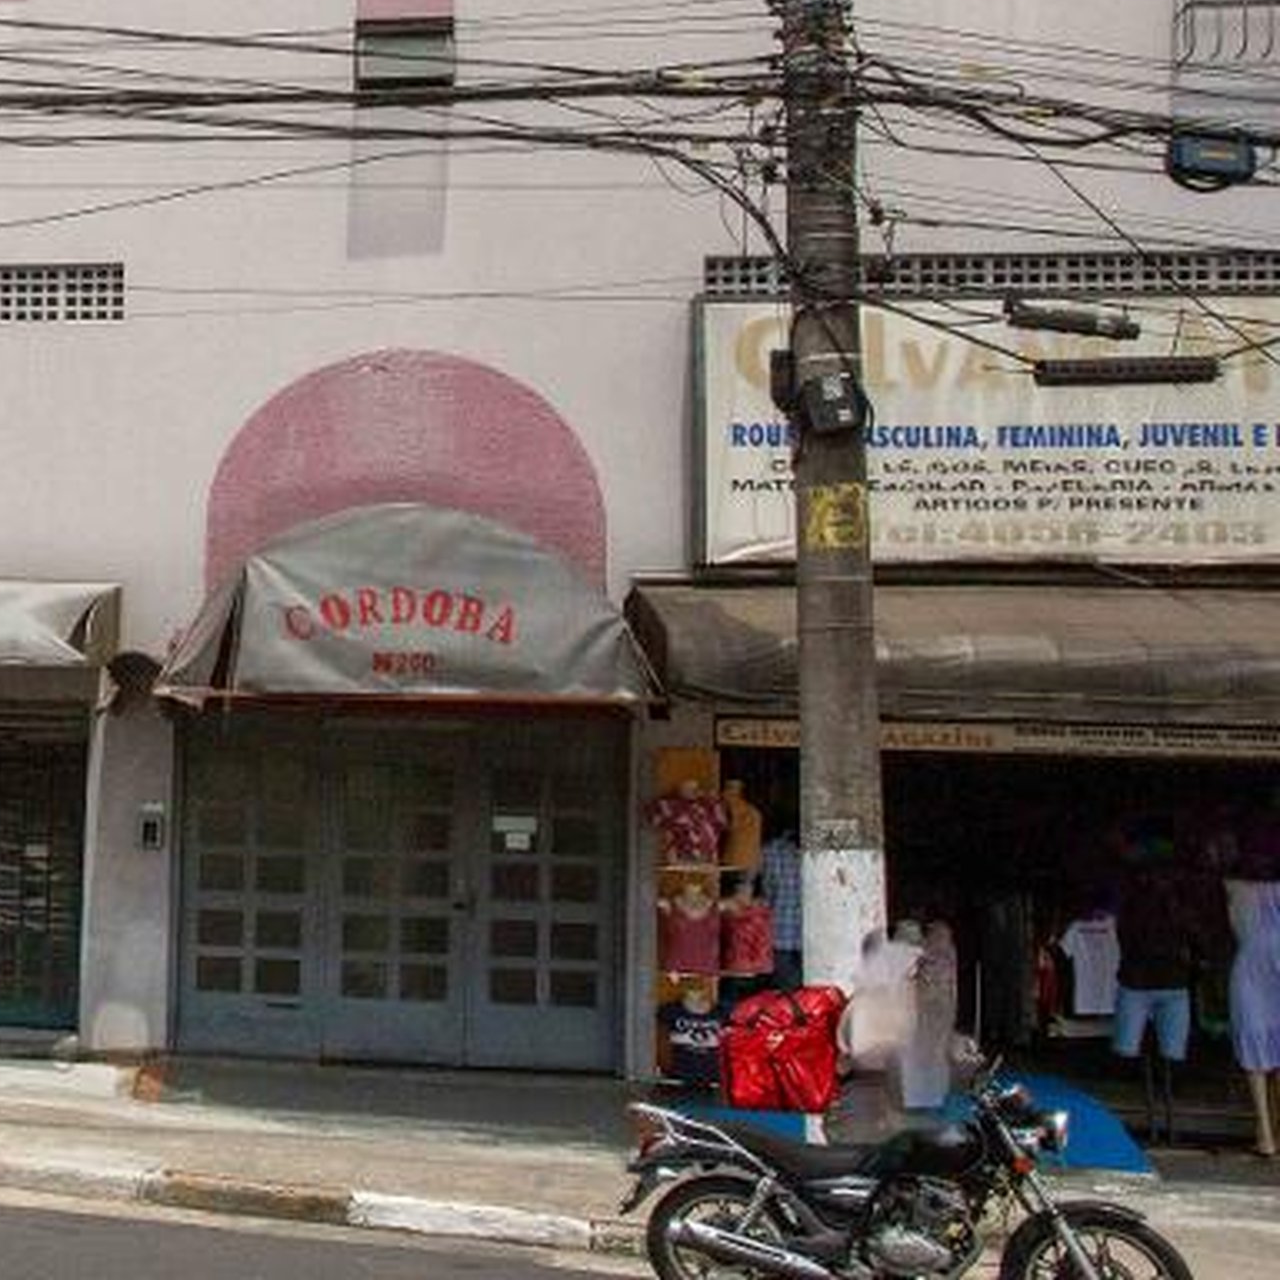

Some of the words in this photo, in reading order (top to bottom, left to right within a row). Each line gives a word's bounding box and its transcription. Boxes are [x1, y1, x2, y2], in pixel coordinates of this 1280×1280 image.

[862, 425, 989, 452] ASCULINA,
[997, 423, 1130, 450] FEMININA,
[1139, 422, 1244, 448] JUVENIL
[1253, 423, 1268, 447] E
[1068, 496, 1204, 512] PRESENTE
[285, 585, 517, 645] CORDOBA
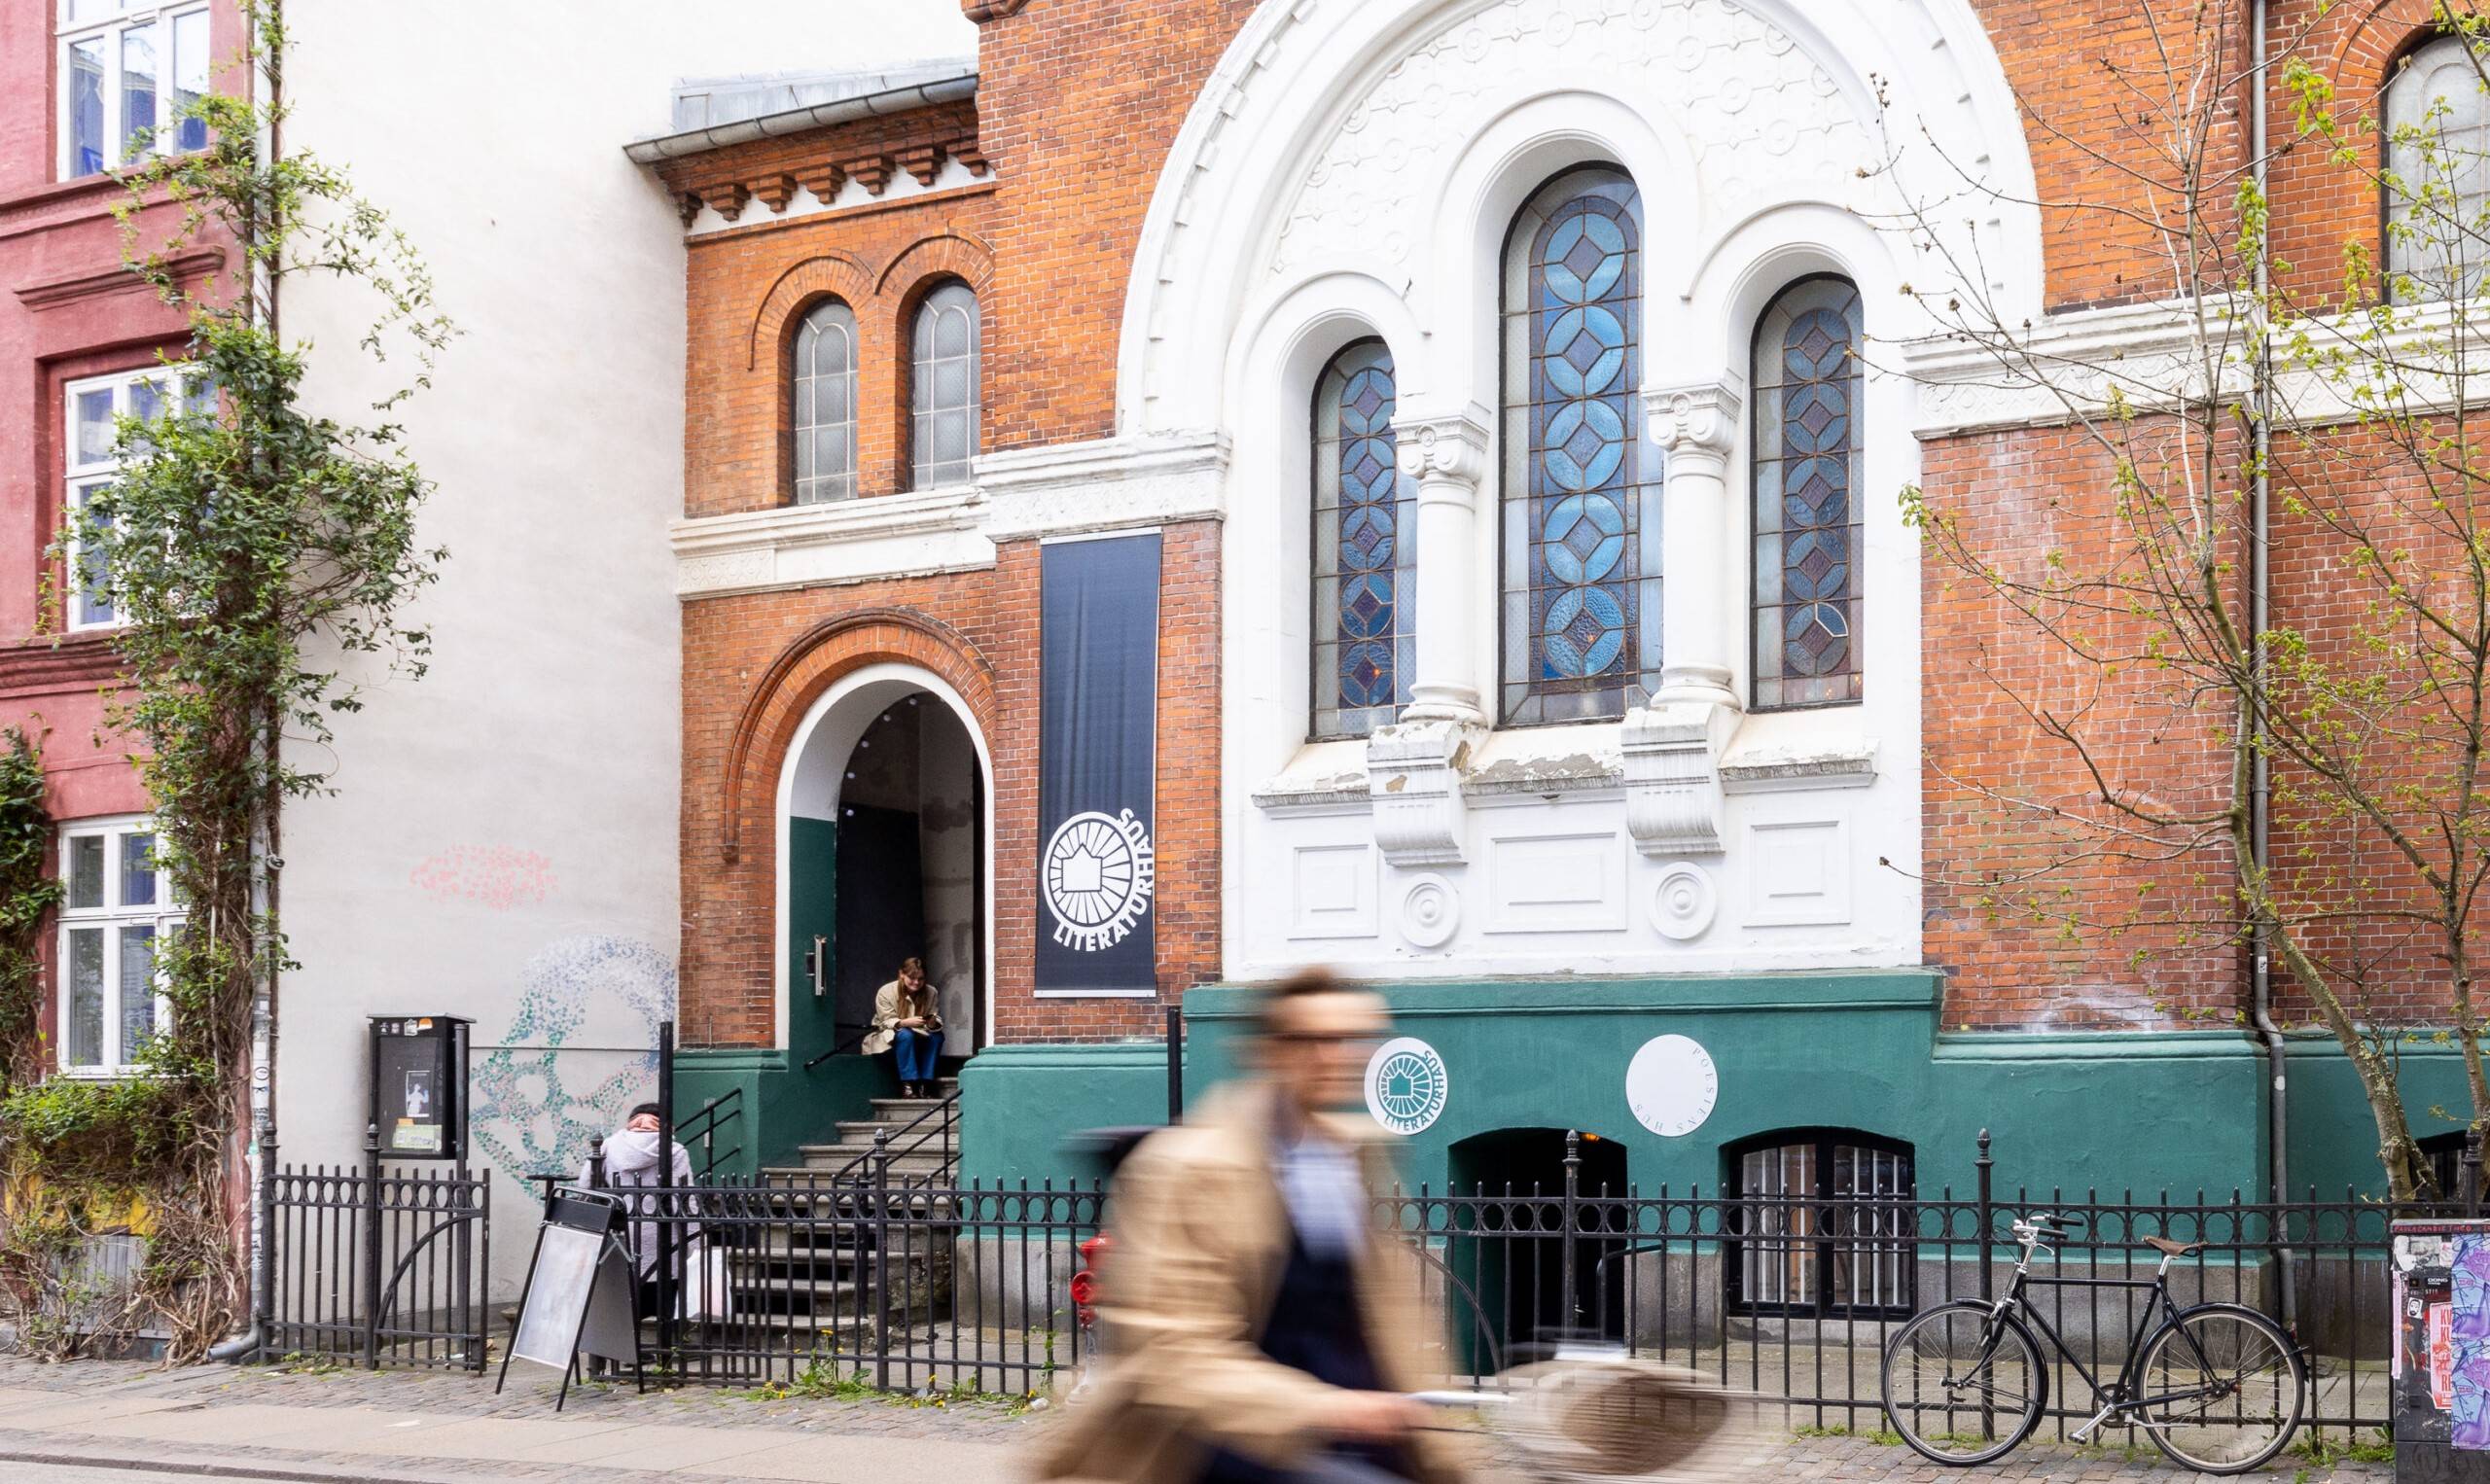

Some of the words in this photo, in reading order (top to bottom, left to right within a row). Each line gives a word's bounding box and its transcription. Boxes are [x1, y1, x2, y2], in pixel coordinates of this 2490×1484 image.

[1053, 807, 1154, 951] LITERATURHAUS
[1384, 1050, 1444, 1131] LITERATURHAUS
[1634, 1104, 1664, 1132] HUS
[1676, 1047, 1714, 1132] POESIENS

——

*Task details:*
Return the entries above exactly and in full; do not include images.

*Exercise response:*
Some of the words in this photo, in reading order (top to bottom, left to right within a row). Each line gives a word's bounding box and its transcription. Boxes are [x1, y1, x2, y2], in pixel coordinates of this 1280×1280 image.

[862, 425, 989, 452] ASCULINA,
[997, 423, 1130, 450] FEMININA,
[1139, 422, 1244, 448] JUVENIL
[1253, 423, 1268, 447] E
[1068, 496, 1204, 512] PRESENTE
[285, 585, 517, 645] CORDOBA

Some of the words in this photo, in reading order (top to bottom, left to right within a row). Each line gives a word's bounding box and its transcription. Boxes are [x1, y1, x2, y2], in pixel coordinates of this 2490×1484 image.

[1053, 807, 1154, 951] LITERATURHAUS
[1384, 1050, 1444, 1131] LITERATURHAUS
[1634, 1104, 1664, 1132] HUS
[1676, 1047, 1714, 1132] POESIENS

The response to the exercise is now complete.